Collected data:
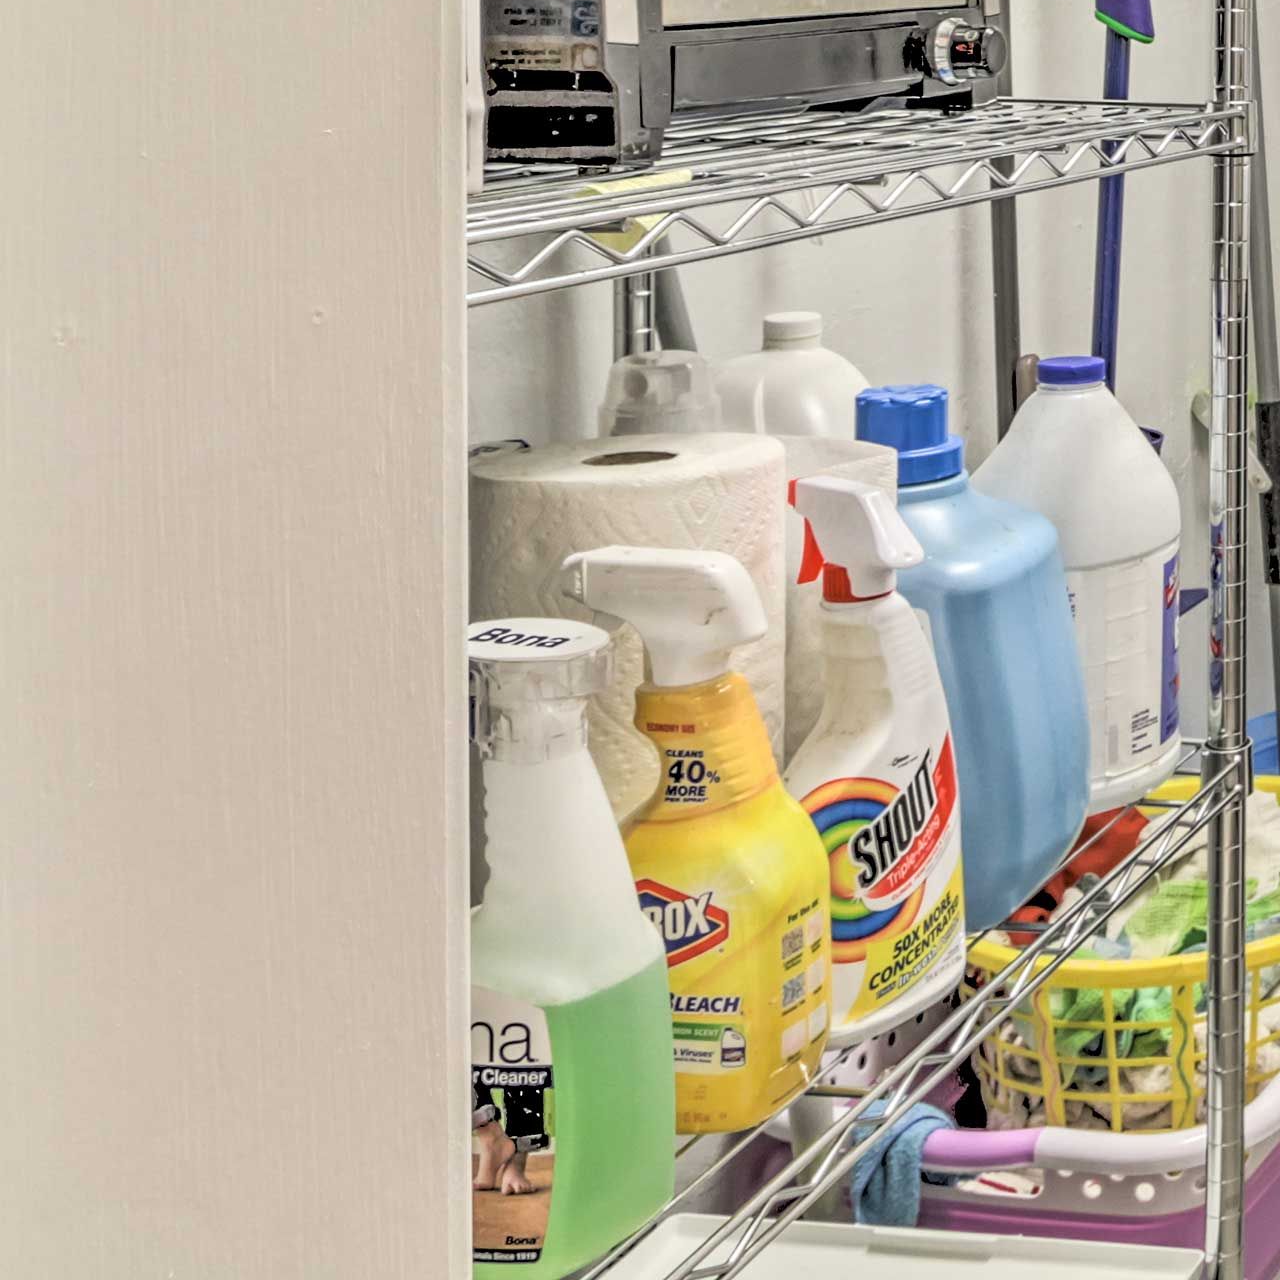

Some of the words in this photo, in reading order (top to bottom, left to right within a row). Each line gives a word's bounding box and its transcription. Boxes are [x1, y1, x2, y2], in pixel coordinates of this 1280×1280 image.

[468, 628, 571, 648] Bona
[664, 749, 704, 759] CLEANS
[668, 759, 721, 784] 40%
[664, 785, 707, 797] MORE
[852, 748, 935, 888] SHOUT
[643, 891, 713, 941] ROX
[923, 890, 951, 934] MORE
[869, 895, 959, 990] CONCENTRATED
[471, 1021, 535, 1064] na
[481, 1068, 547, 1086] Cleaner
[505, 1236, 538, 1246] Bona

**Problem statement**
Print out each record exactly as shown, but keep the pictures out.

**Written reply**
Some of the words in this photo, in reading order (top to bottom, left to right within a row). Each line gives a word's bounding box and its transcription. Boxes are [x1, y1, x2, y2], in pixel coordinates of this 1280×1280 image.

[468, 628, 571, 648] Bona
[664, 749, 704, 759] CLEANS
[668, 759, 721, 784] 40%
[664, 785, 707, 797] MORE
[852, 748, 935, 888] SHOUT
[643, 891, 713, 941] ROX
[923, 890, 951, 934] MORE
[869, 895, 959, 990] CONCENTRATED
[471, 1021, 535, 1064] na
[481, 1068, 547, 1086] Cleaner
[505, 1236, 538, 1246] Bona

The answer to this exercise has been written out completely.